## EXERCISE
Make an exact copy of the records, dropping all pictures.
————————
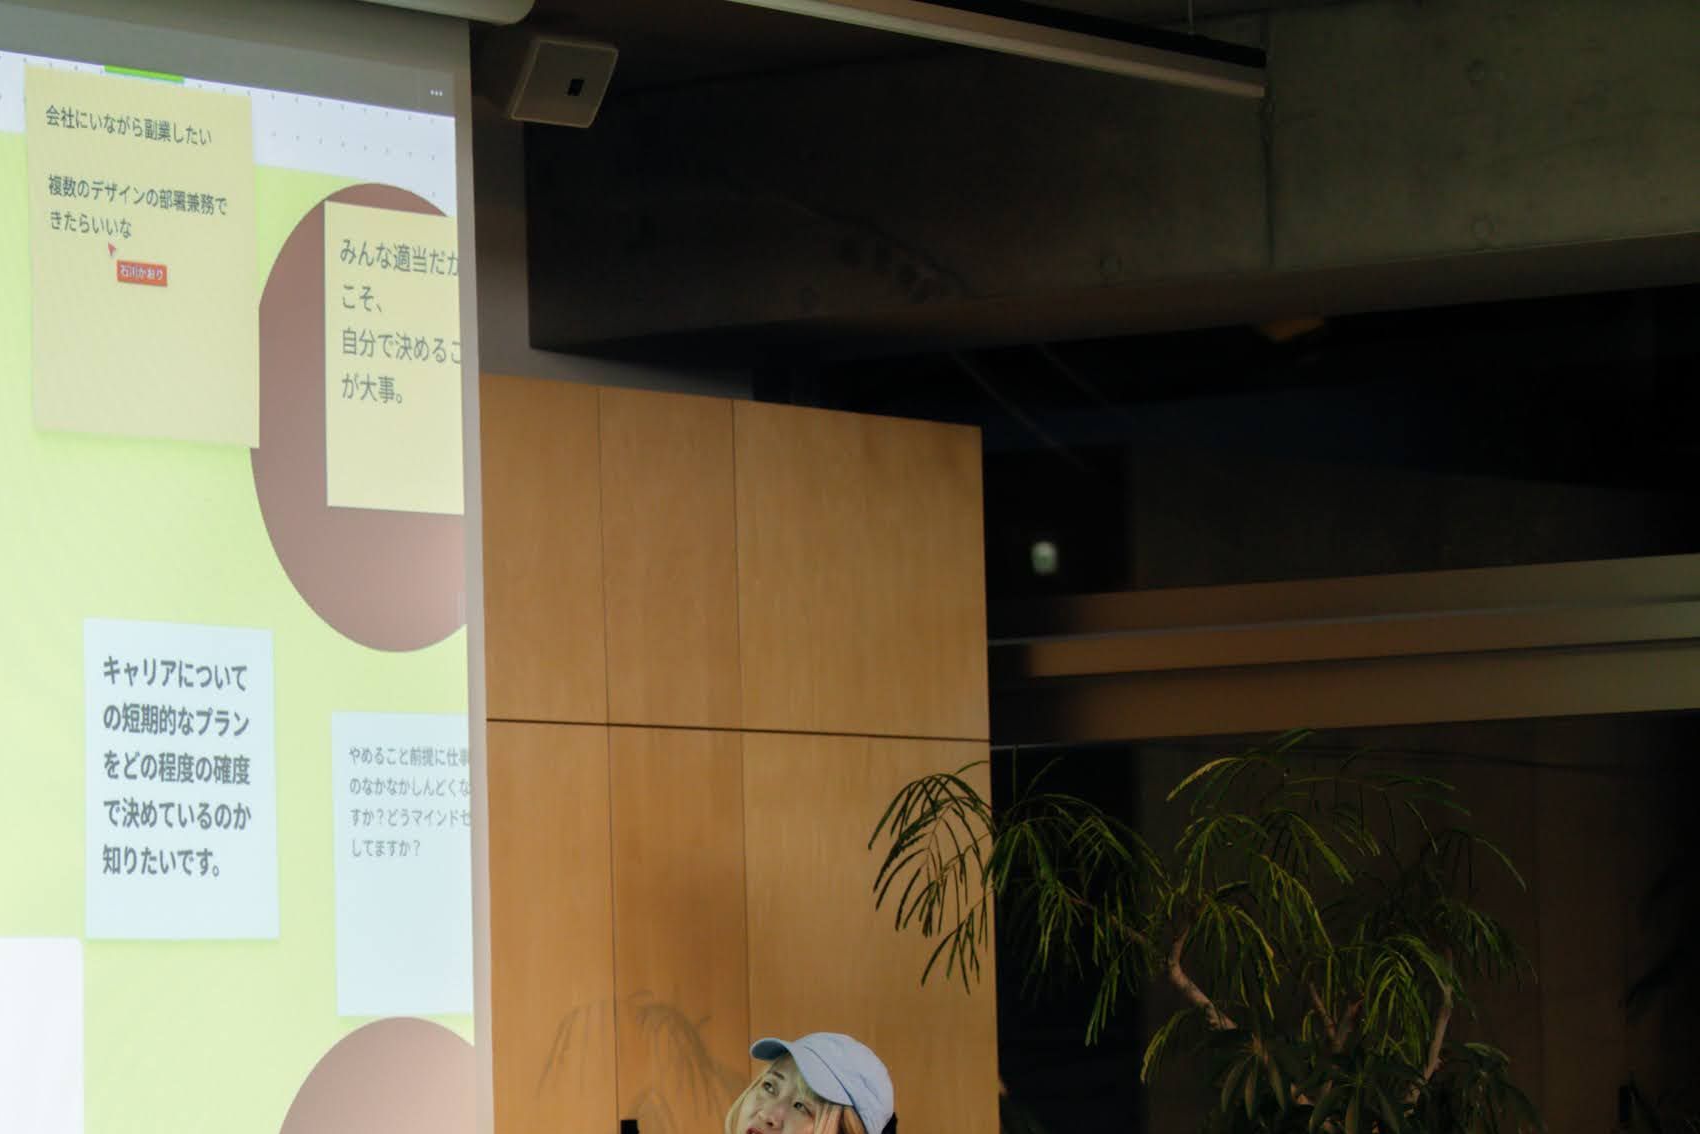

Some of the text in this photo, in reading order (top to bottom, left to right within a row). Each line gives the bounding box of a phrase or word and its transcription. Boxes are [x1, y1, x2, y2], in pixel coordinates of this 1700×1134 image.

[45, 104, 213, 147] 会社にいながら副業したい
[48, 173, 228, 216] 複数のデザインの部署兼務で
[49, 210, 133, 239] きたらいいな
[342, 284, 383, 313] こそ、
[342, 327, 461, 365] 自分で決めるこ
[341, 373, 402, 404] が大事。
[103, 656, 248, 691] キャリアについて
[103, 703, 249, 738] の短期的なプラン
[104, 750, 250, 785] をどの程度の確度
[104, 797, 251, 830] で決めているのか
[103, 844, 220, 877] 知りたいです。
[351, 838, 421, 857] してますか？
————————
## TASK SOLUTION
Some of the text in this photo, in reading order (top to bottom, left to right within a row). Each line gives the bounding box of a phrase or word and its transcription. Boxes are [x1, y1, x2, y2], in pixel coordinates of this 1700×1134 image.

[45, 104, 213, 147] 会社にいながら副業したい
[48, 173, 228, 216] 複数のデザインの部署兼務で
[49, 210, 133, 239] きたらいいな
[342, 284, 383, 313] こそ、
[342, 327, 461, 365] 自分で決めるこ
[341, 373, 402, 404] が大事。
[103, 656, 248, 691] キャリアについて
[103, 703, 249, 738] の短期的なプラン
[104, 750, 250, 785] をどの程度の確度
[104, 797, 251, 830] で決めているのか
[103, 844, 220, 877] 知りたいです。
[351, 838, 421, 857] してますか？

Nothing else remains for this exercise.